From glittering bracelets and watches to sparkling rings and necklaces, jewelry can be found in almost every home. Unfortunately, these trinkets and charms are not always properly protected. If you own expensive or extremely valuable jewelry, it’s important to make sure you have the appropriate insurance.

Understanding the “sublimit”

You may assume your valuable jewelry is fully covered by your homeowner’s insurance. While most policies do cover jewelry, the payout is oftentimes much lower than the actual value of your bling.

Why wouldn’t your insurance pay the full value of your jewelry if it’s stolen from your home? It all comes down to what’s called the “sublimit”—this is the limit on the amount the insurance company will pay for specific types of personal property. Although your policy’s total personal property limit may be $75,000, the sublimit for jewelry may be as low as $1,500.

Read the fine print in your contract and find your policy’s sublimit for jewelry. If your jewels are worth more than the sublimit, you may want to purchase additional insurance.

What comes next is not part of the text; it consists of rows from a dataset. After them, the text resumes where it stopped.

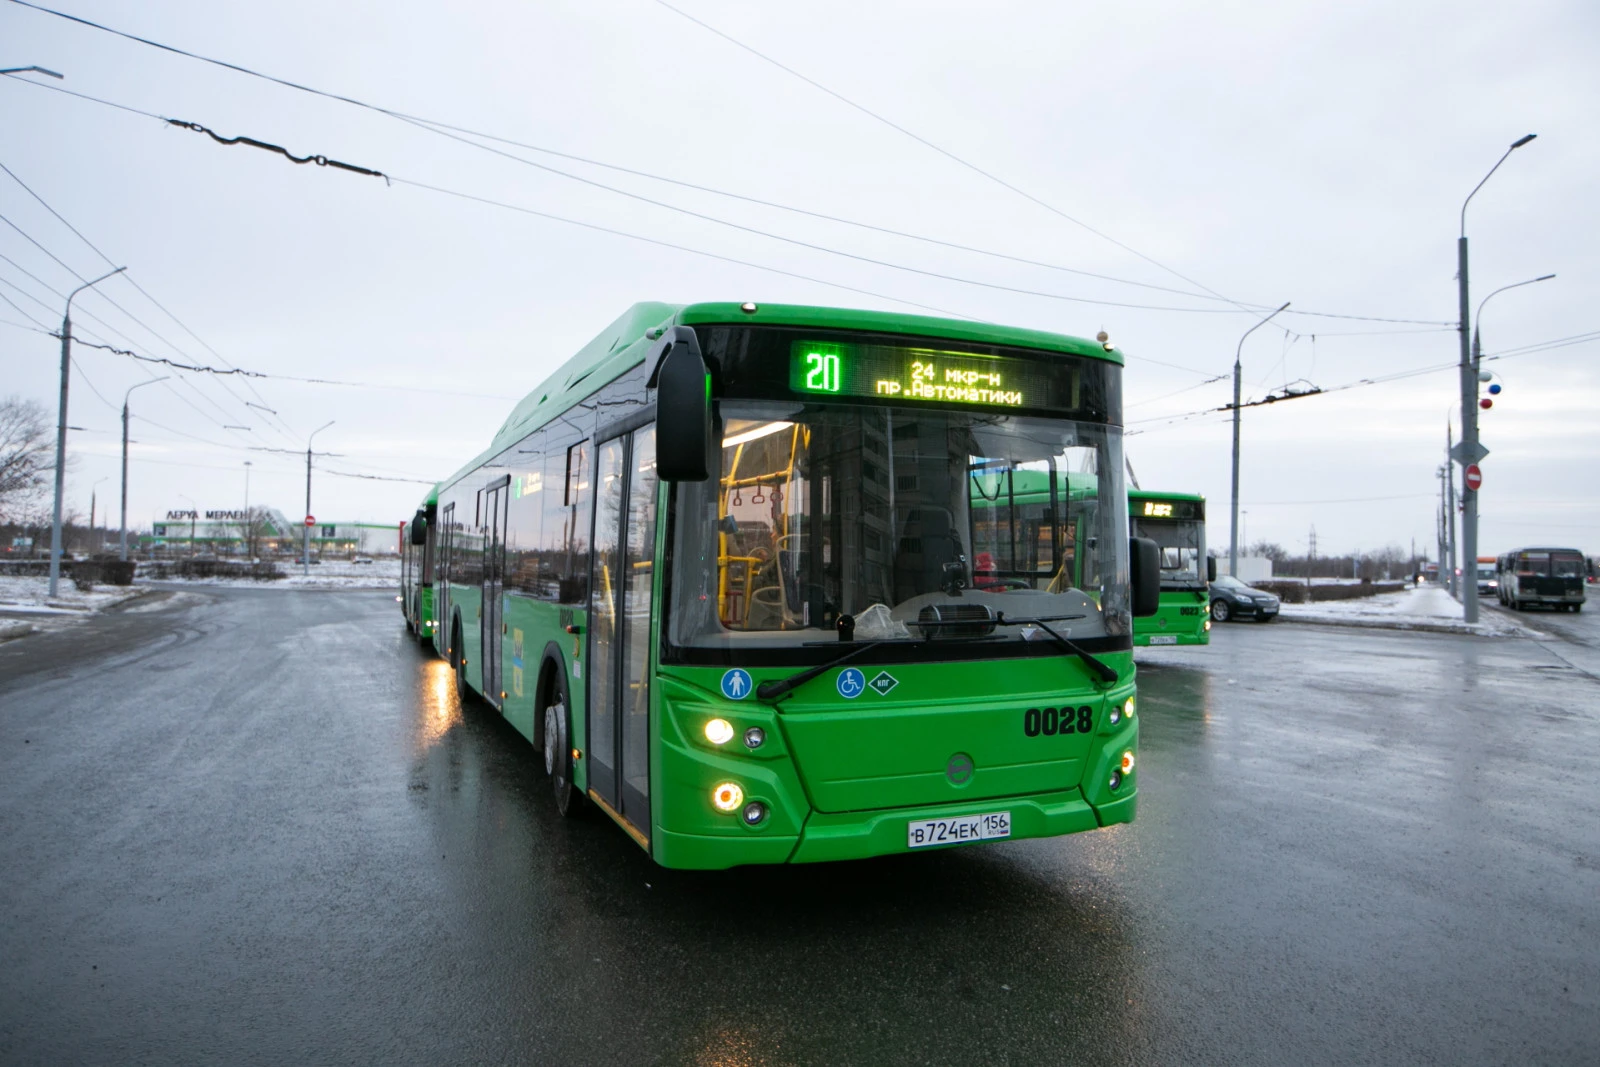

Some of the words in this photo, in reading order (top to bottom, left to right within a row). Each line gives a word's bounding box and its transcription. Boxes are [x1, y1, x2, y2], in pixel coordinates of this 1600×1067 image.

[806, 353, 840, 391] 20
[911, 361, 934, 380] 24
[945, 368, 1001, 386] мкр-н
[167, 511, 199, 520] ЛЕРУА
[1024, 705, 1093, 737] 0028
[915, 822, 979, 843] В724ЕК
[983, 814, 1006, 830] 156
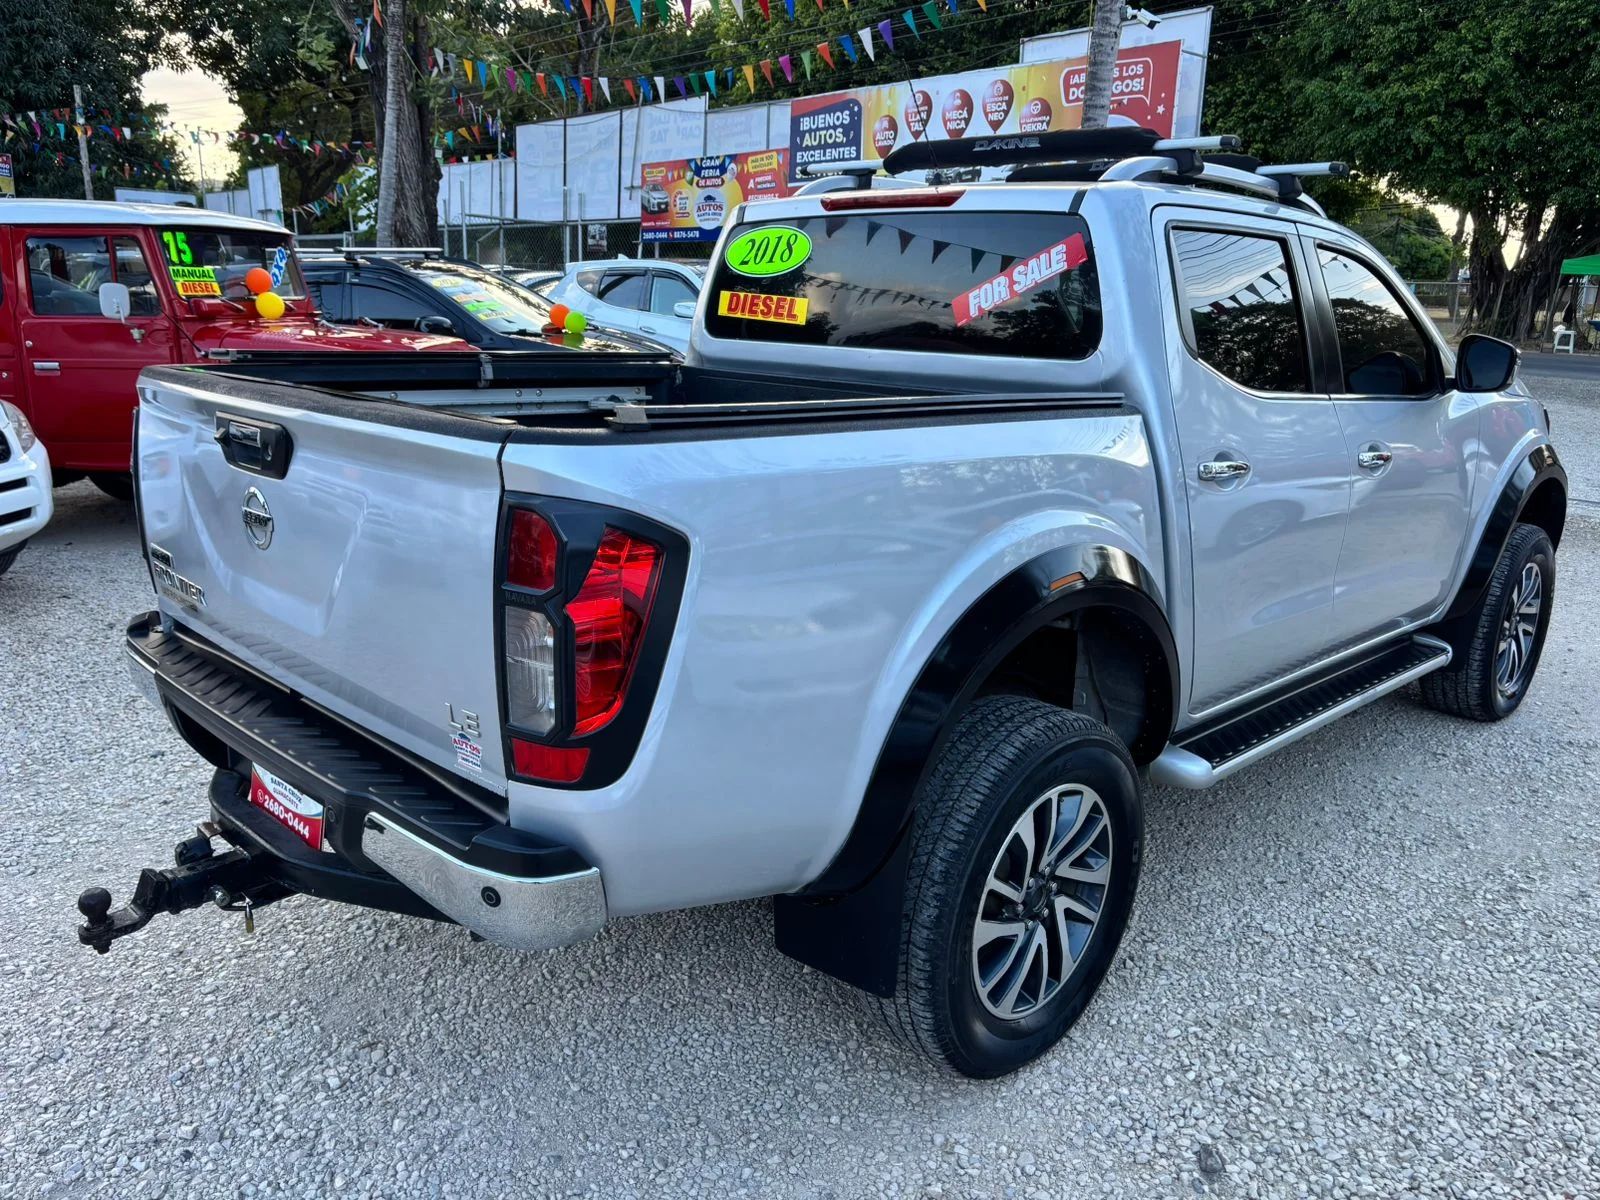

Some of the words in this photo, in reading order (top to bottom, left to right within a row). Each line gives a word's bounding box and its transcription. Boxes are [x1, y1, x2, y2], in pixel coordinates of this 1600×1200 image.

[1122, 64, 1144, 77] LOS
[1068, 77, 1145, 100] DOGOS!
[945, 107, 969, 120] MECÁ
[986, 102, 1007, 113] ESCA
[800, 110, 851, 131] ¡BUENOS
[908, 111, 927, 122] LLAN
[988, 112, 1005, 122] NEO
[910, 121, 925, 132] TAS
[946, 120, 966, 130] NICA
[1021, 122, 1048, 134] DEKRA
[802, 127, 847, 147] AUTOS,
[876, 131, 895, 140] AUTO
[875, 139, 895, 147] LAVADO
[972, 137, 1041, 152] DAKINE
[796, 146, 857, 163] EXCELENTES
[702, 159, 720, 168] GRAN
[701, 168, 720, 177] FERIA
[747, 179, 755, 189] A
[696, 203, 724, 213] AUTOS
[739, 233, 798, 266] 2018
[172, 268, 214, 279] MANUAL
[968, 275, 1011, 318] FOR
[1012, 243, 1068, 293] SALE
[181, 282, 217, 293] DIESEL
[726, 292, 798, 321] DIESEL
[453, 737, 481, 755] AUTOS
[270, 776, 288, 792] SANTA
[288, 786, 302, 804] CRUZ
[264, 794, 310, 839] 2680-0444

Five steps to jewelry protection

If you decide to purchase additional insurance to fully protect your jewelry, follow these five simple steps:

  1. Get it appraised: If your jewelry has not been appraised within the last three years, take it to a jeweler for an appraisal. Be sure to choose a trustworthy jeweler who is a graduate of the Gemological Institute of America (GIA). (Most insurance companies require that higher-end jewelry is appraised by a graduate of the GIA.) Look for the designations G.G., G.J. or A.J.P. at the end of the jeweler’s name to ensure they are well-educated and reputable.
  2. Look for the four C’s: If you are getting a diamond appraised, the appraisal should include a description of the four C’s: carat, cut, clarity and color. These four details allow the jeweler to make an accurate appraisal, which will be very important should you ever need to file a claim with your insurer.
  3. Consider inland marine coverage: You can either purchase this type of insurance coverage as a separate policy or you can have it added onto your homeowner’s policy as supplemental jewelry coverage. Inland marine coverage offers much more coverage for jewelry than just your homeowner’s policy alone.
  4. Keep jewelry locked away: Be sure to keep your valuable jewelry protected in a lock box at home. If you own jewelry that you rarely wear (such as family heirlooms), you may consider locking it up in a safety deposit box.
  5. Review coverage regularly: Look over your jewelry coverage at least once every two years to make sure it is up to date. Also, if you sell any jewelry or purchase new high-value pieces, it’s important to update your policy as soon as possible.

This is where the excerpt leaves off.